## Exercise
Type out the full set of entries again, unchanged.

[Phrase grounding data]
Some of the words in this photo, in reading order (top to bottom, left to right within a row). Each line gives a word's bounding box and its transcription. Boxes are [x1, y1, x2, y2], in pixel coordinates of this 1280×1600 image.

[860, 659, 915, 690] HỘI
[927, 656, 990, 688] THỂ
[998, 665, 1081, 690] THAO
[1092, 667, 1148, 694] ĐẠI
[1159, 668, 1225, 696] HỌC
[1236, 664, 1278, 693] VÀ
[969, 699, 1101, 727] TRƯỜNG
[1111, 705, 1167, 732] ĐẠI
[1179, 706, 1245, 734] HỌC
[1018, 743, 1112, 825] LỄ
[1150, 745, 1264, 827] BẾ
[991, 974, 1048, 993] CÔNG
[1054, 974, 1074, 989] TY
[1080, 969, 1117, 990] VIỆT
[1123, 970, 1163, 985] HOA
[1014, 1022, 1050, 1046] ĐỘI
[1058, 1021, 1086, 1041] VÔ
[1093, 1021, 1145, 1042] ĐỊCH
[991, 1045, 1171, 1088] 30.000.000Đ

## Answer box
Some of the words in this photo, in reading order (top to bottom, left to right within a row). Each line gives a word's bounding box and its transcription. Boxes are [x1, y1, x2, y2], in pixel coordinates of this 1280×1600 image.

[860, 659, 915, 690] HỘI
[927, 656, 990, 688] THỂ
[998, 665, 1081, 690] THAO
[1092, 667, 1148, 694] ĐẠI
[1159, 668, 1225, 696] HỌC
[1236, 664, 1278, 693] VÀ
[969, 699, 1101, 727] TRƯỜNG
[1111, 705, 1167, 732] ĐẠI
[1179, 706, 1245, 734] HỌC
[1018, 743, 1112, 825] LỄ
[1150, 745, 1264, 827] BẾ
[991, 974, 1048, 993] CÔNG
[1054, 974, 1074, 989] TY
[1080, 969, 1117, 990] VIỆT
[1123, 970, 1163, 985] HOA
[1014, 1022, 1050, 1046] ĐỘI
[1058, 1021, 1086, 1041] VÔ
[1093, 1021, 1145, 1042] ĐỊCH
[991, 1045, 1171, 1088] 30.000.000Đ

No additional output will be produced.